How to scale the model parameters to fit into reasonable GPUs

xichenpan / ARLDM

Official Pytorch Implementation of Synthesizing Coherent Story with Auto-Regressive Latent Diffusion Models

https://arxiv.org/abs/2211.10950

MIT License

191 stars 29 forks source link

How to scale the model parameters to fit into reasonable GPUs #23

Open maliozer opened 1 year ago

maliozer commented 1 year ago

How to reduce the parameters size to fit model into gpus, I have already tried 16bit precision but also need to scale the model

styufo commented 1 year ago

Unfortunately, this seems impossible. I'm trying freezing resnet, clip embedding, blip embedding and 8-bit optimizer together，but V100 32G still doesn't work. The only successful case I saw was freezing resnet, clip embedding, blip embedding, using amp and 8-bit optimizer together helped reduce the vRAM to about 40GB onA6000 48G.

maliozer commented 1 year ago

I also tried the same process, but I thought the other parameters should be scaleable as well in somehow without messing the model.

styufo commented 1 year ago

I also tried the same process, but I thought the other parameters should be scaleable as well in somehow without messing the model.

If you have any progress, I would be happy if you could tell me about your successful parameter configuration.

TimandXiyu commented 1 year ago

With thw default setting I don't think it is possible to train at 512*512 using 40G A100s. Still, it is a bit strange the authors don't freeze the CLIP, BLIP net.

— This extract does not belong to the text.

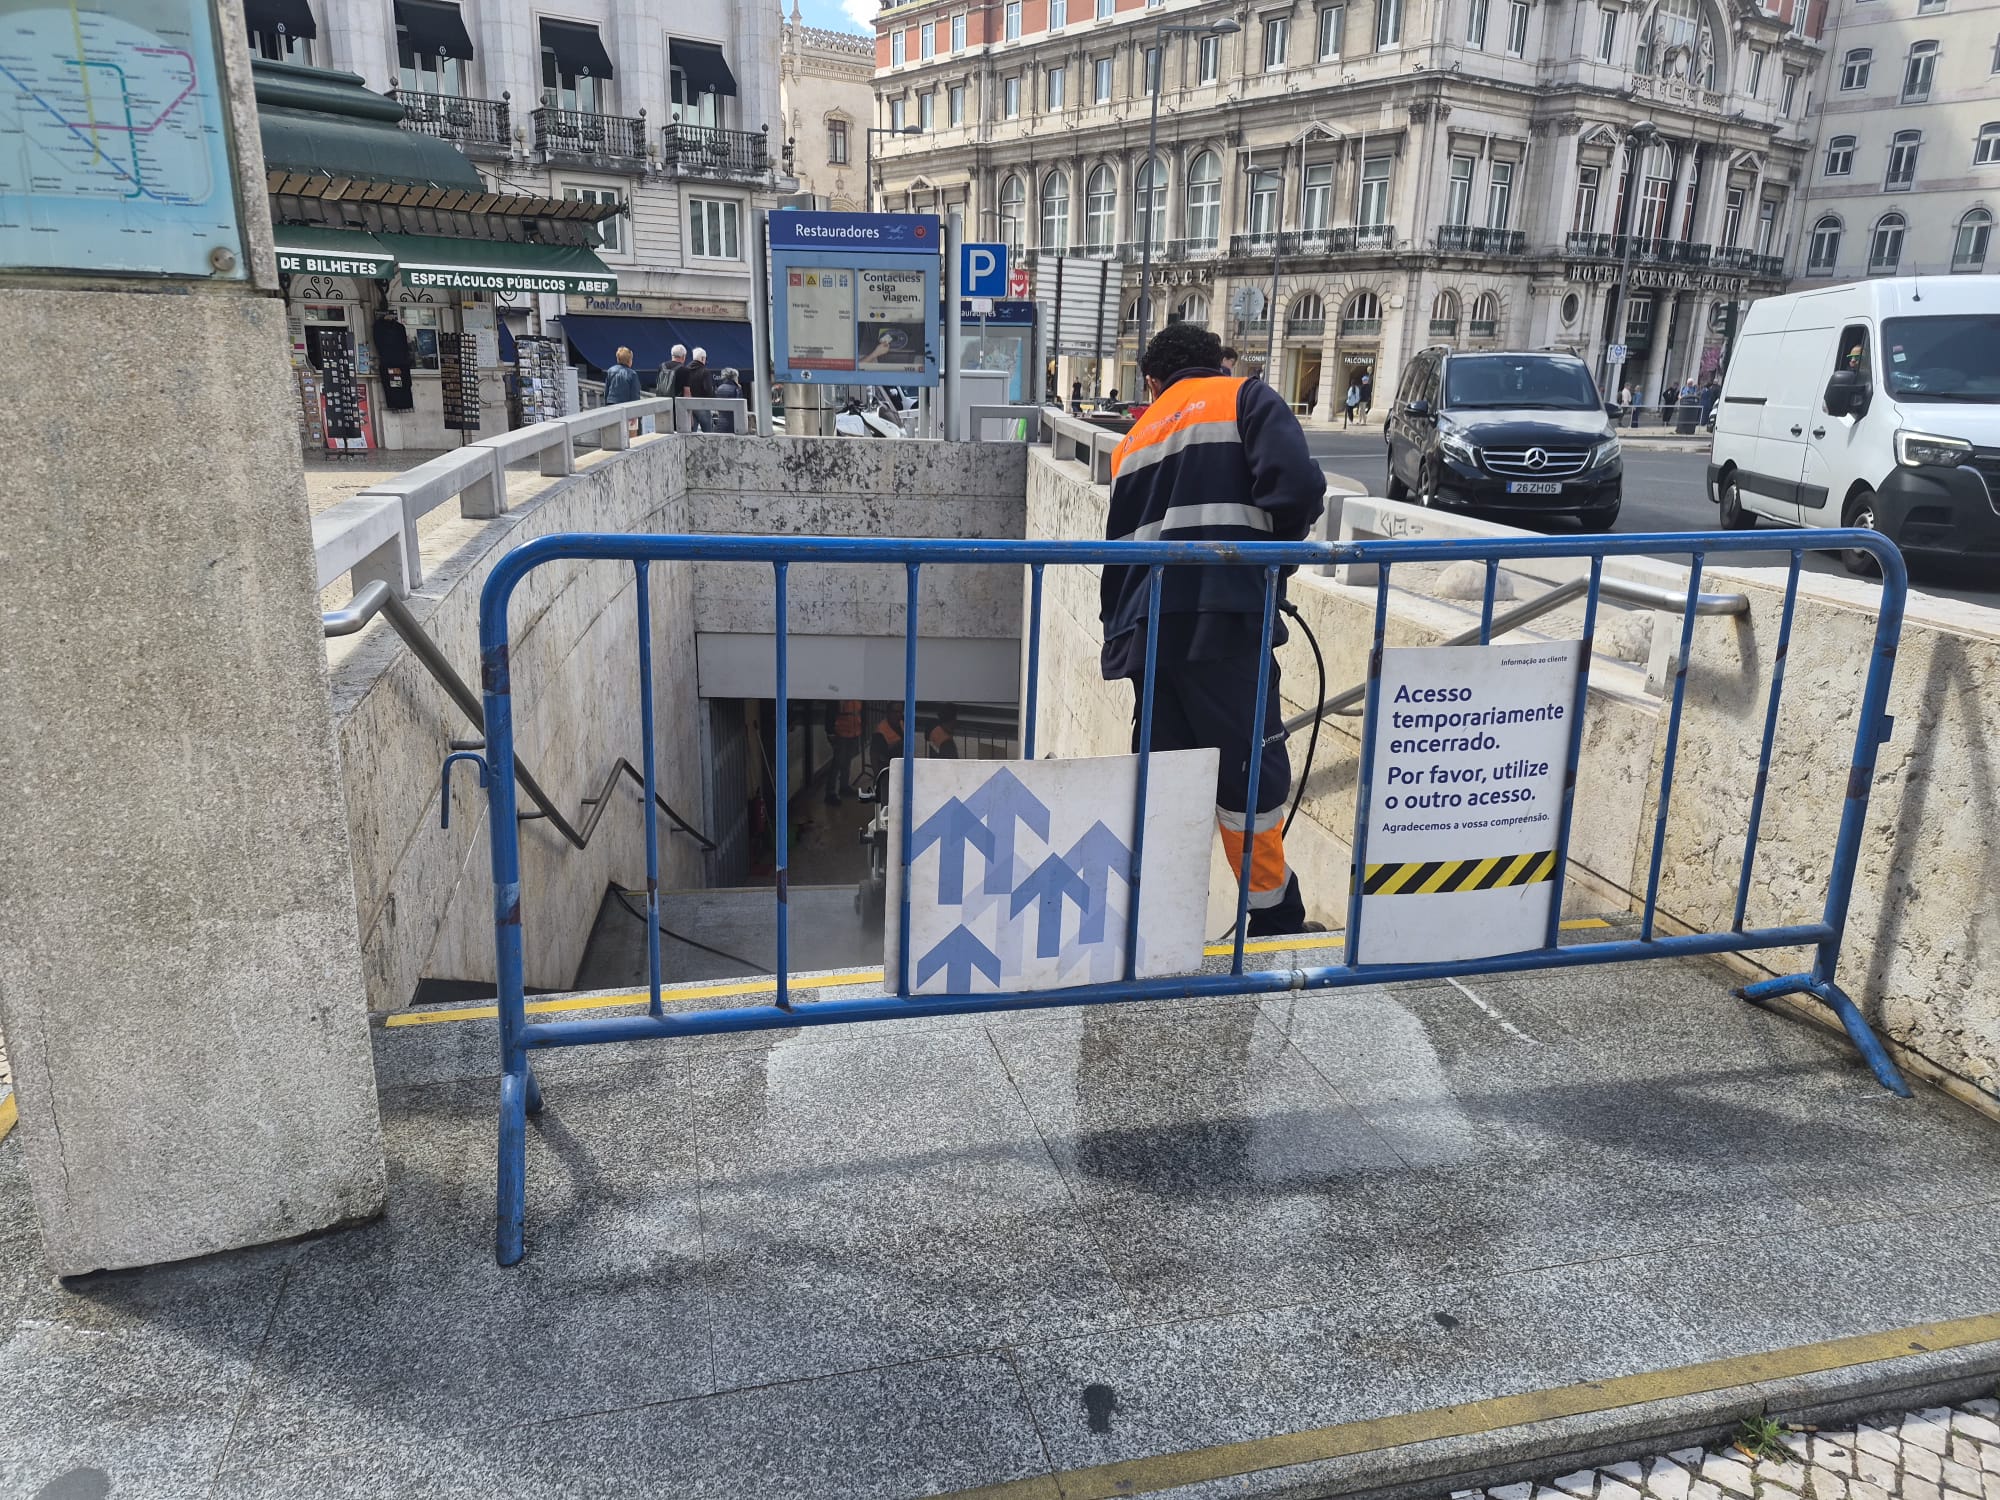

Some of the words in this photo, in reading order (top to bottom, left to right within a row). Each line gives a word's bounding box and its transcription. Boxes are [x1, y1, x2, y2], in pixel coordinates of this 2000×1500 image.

Anyways, with freezing CLIP, BLIP, and resnet, you still go tons of parameters of the cross-attention you can play with, and this might be enough already. (still waiting to check my ckpt)

debasmitdas commented 1 year ago

@TimandXiyu. Are your checkpoints ready ? If possible, will you be ready to share them.

DwanAI commented 1 year ago

@TimandXiyu. Are your checkpoints ready ? If possible, will you be ready to share them.

kirbu123 commented 1 year ago

@TimandXiyu. Are your checkpoints ready ? If possible, will you be ready to share them. Can you explain, how to learn ARLDM with one available CUDA index. How to beat CUDA out of memory error using CLIP, BLIP, RESNET freezing or other methodics.